In other Netflix-related writing, I reviewed the last bunch of “Unbreakable Kimmy Schmidt” episodes for Book + Film Globe.  I had given up on the show early in Season Three, but decided to catch up over the holidays and I’m glad I did. Despite some of its faults (and I get why people started to turn away from the series), I think it ended well and that the stuff it was good at (dense joke writing, absurdist characters) vastly outweighed the problematic. If you fell off, too, I really think it’s worth finishing.

For Austin360, I followed up my Paul McCartney concert column with something a little bit less emotional, a story about how bad I am at organizing all my digital photos and videos. Here’s a little clip from that video I describe in the story:

 

I also wrote a more newsy daily story for the business section about Retro Studios taking over development of Nintendo’s “Metroid Prime 4.” A big deal for gamers!

On the “Texas Standard” radio show, we’ve done segments about smart watches and health, about why Instagram is doing so well (plus viral egg photos), Apple’s recent security/privacy woes, and a follow up on that Austin360 photo organizing piece.

 


 

Things are pretty good!
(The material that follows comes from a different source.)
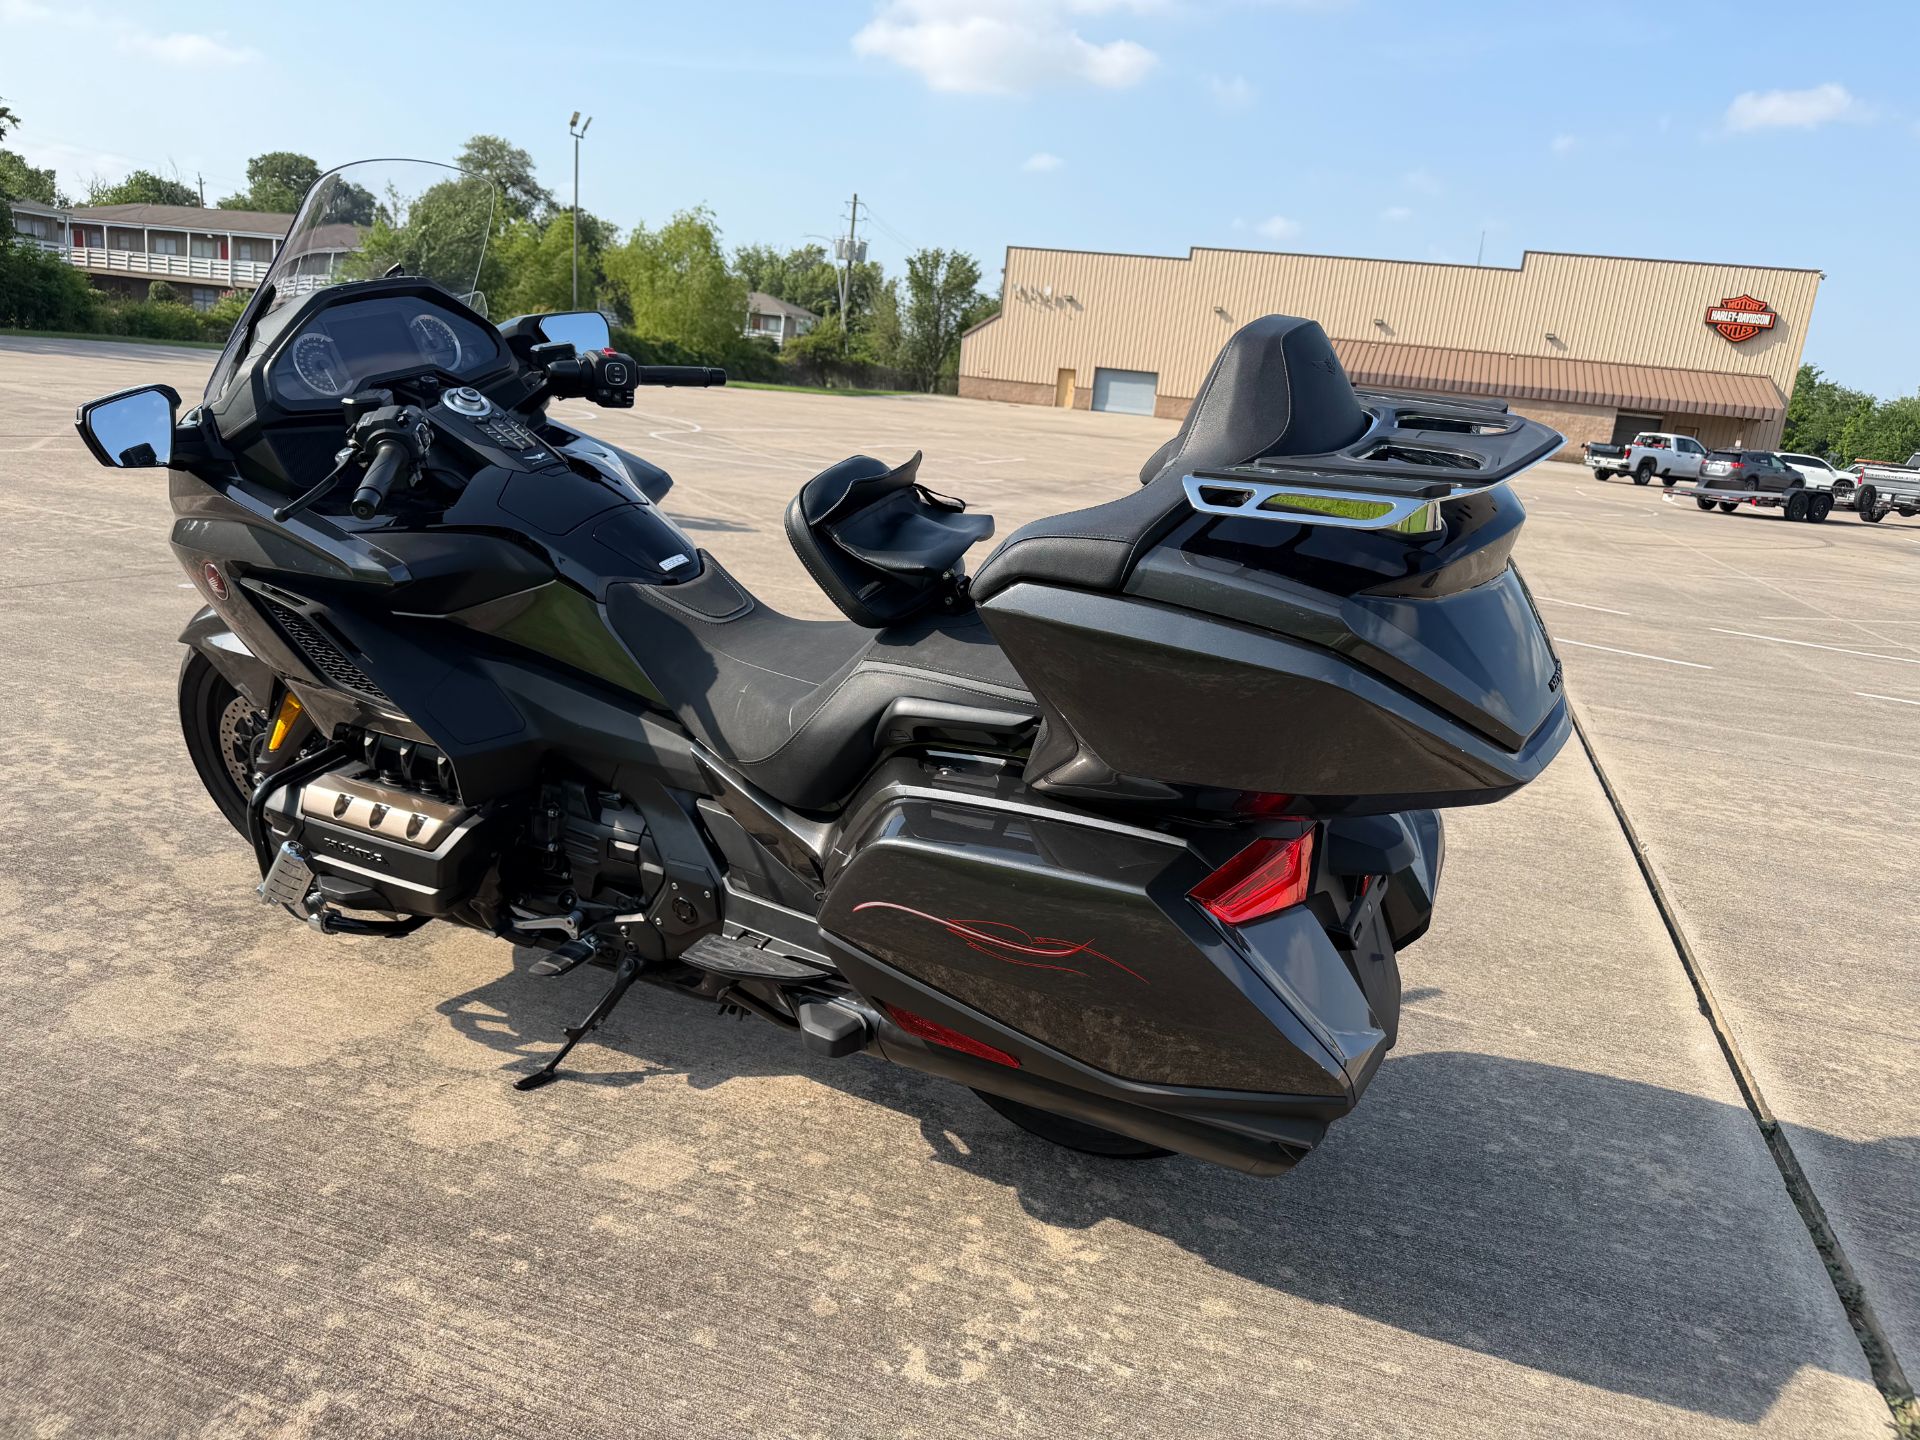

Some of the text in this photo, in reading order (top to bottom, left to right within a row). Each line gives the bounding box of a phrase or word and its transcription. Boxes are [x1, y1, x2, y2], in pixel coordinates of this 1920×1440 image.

It looks like I’ll be covering South by Southwest again for the Statesman next month and I have some other projects and pitches in the pipeline.  Thanks to everybody who’s been supportive.

If you’ve made it this far, all three of you, I want to ask — would you be interested in an email newsletter of stuff like this and some additional writing/recommendations/multimedia?

I’ve been mulling doing that (and maybe cross posting it here).  I definitely wouldn’t charge for it, at least not until I felt it was something worth paying for, and maybe even then I’d just do it as as additional content.

Some of my favorite online writers have been doing really interesting stuff with their email newsletters and I wonder if that would give me incentive to update more often.

Anyhoo, if you have thoughts, let me know!

‘All You Need Is Love’

21 Jan

I mentioned in it in the last post, but the Statesman published my lengthy, very personal piece about taking my kids to see Paul McCartney. When I wrote it, I wasn’t expecting it to be a Sunday features centerpiece, so that was a really nice surprise.

One thing I didn’t really get into in posting this before is that now that my kids are 11 and 9, I’ve been thinking a lot more about how and when I write about them online. I still Tweet about funny things they say and do once in a while, but I’m not a full-time family blogger and as they’ve gotten older, I’ve tried to be a lot more careful about letting their stories be their own and not for public consumption.

Like a lot of longtime bloggers, I was absolutely horrified by a recent piece on the Washington Post by a blogger who has chosen to go another way.  For this piece, I ran the final draft by my kids for approval before I sent it to an editor.  The thing is, maybe even that’s not enough. Can a 9 year old really give approval to have her photo and a story that involves her run online and in print where thousands of people will likely see it?  I think on some level my kids understand what it means to have a photo of them on Instagram or to get comments on Facebook about something. But I wonder and worry sometimes about this larger kind of exposure, the kind that lives permanently online, searchable in archives.  I think it’s up to every writer to figure out how not to hurt the people around them that they write about.  But it’s getting absolutely trickier; I’m finding myself having more conversations with my kids about what is OK and not OK to post online and who will see it.

In this case, the feedback on the article was really positive and my kids were happy with seeing it published.  Which was a huge relief.